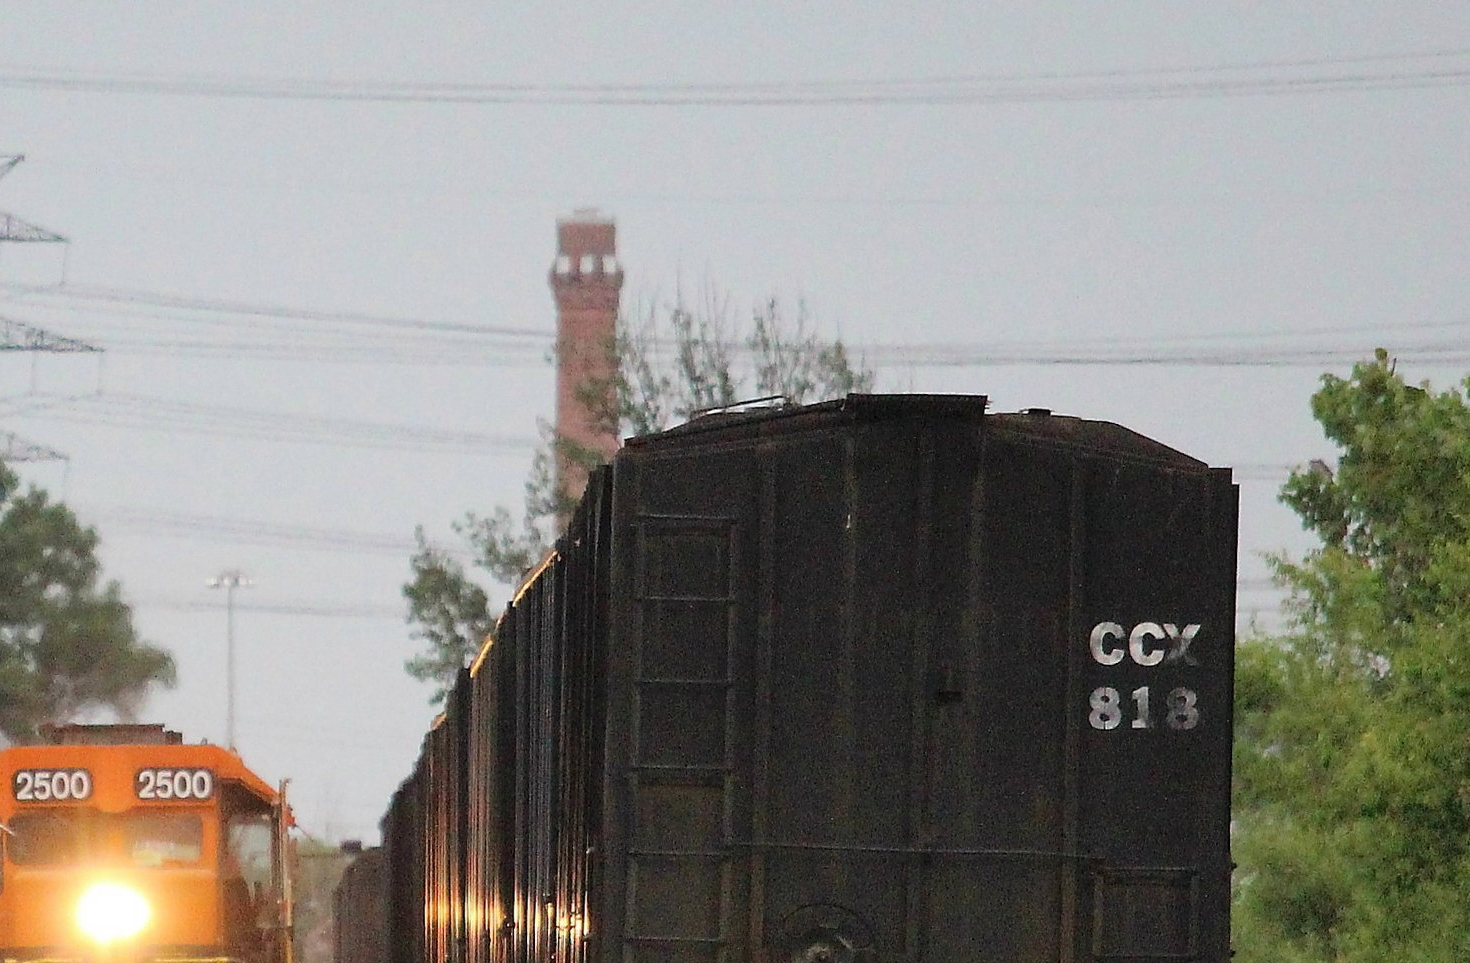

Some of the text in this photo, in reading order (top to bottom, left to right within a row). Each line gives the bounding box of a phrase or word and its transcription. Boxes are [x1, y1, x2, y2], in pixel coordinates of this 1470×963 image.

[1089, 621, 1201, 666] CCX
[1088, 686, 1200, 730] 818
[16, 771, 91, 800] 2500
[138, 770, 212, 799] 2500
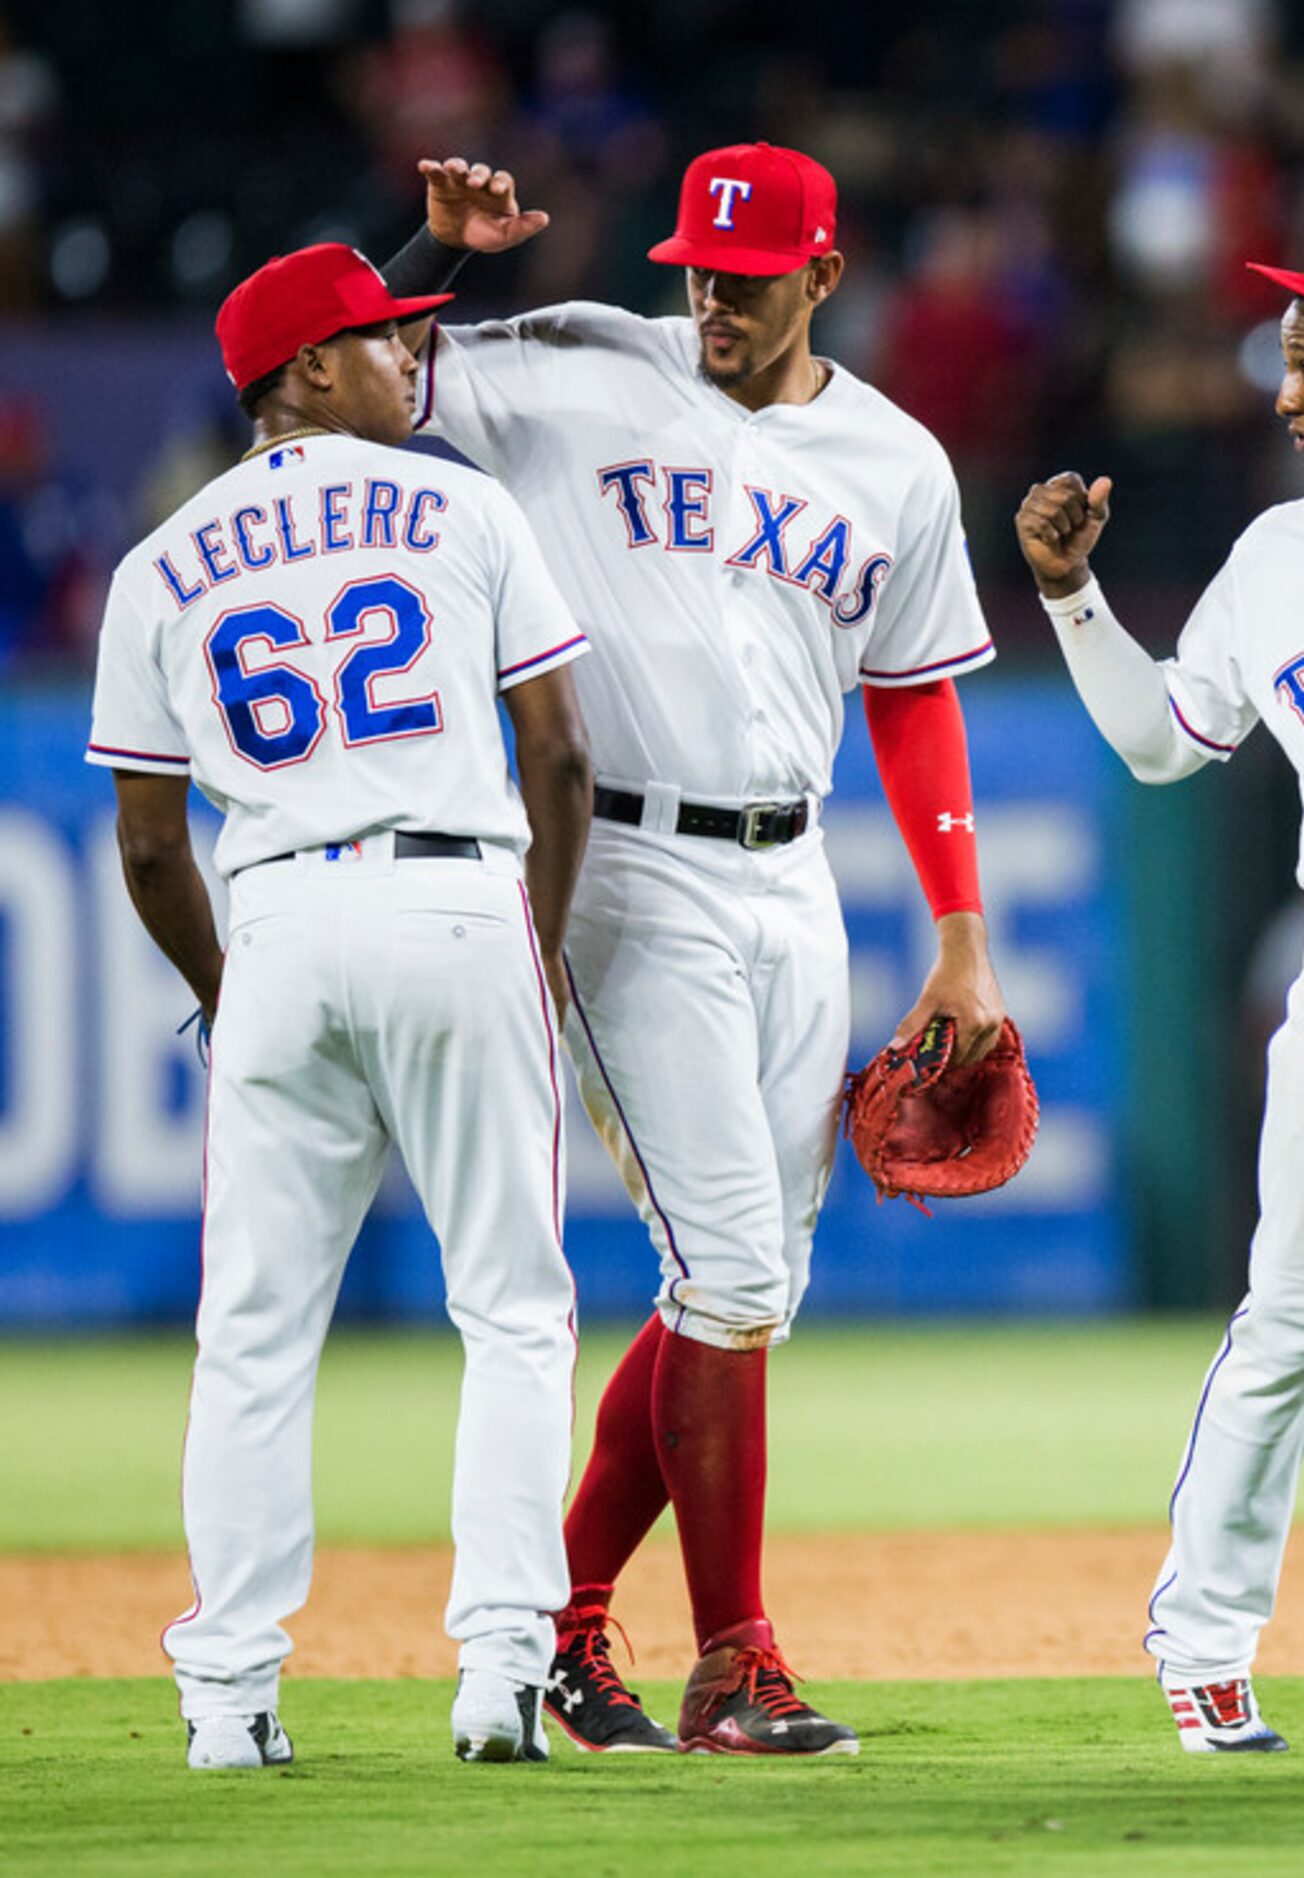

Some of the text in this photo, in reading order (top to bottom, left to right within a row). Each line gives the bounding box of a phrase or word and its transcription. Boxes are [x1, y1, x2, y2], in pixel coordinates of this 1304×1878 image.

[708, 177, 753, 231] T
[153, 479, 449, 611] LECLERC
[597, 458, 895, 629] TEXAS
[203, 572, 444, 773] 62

---+---

TASK STATEMENT: Starting at the line that contains "this 1304×1878 image.", transcribe every line through the last line of the entries above, exactly, and nothing else.

RESULT BELOW:
Some of the text in this photo, in reading order (top to bottom, left to right within a row). Each line gives the bounding box of a phrase or word and its transcription. Boxes are [x1, y1, x2, y2], in pixel coordinates of this 1304×1878 image.

[708, 177, 753, 231] T
[153, 479, 449, 611] LECLERC
[597, 458, 895, 629] TEXAS
[203, 572, 444, 773] 62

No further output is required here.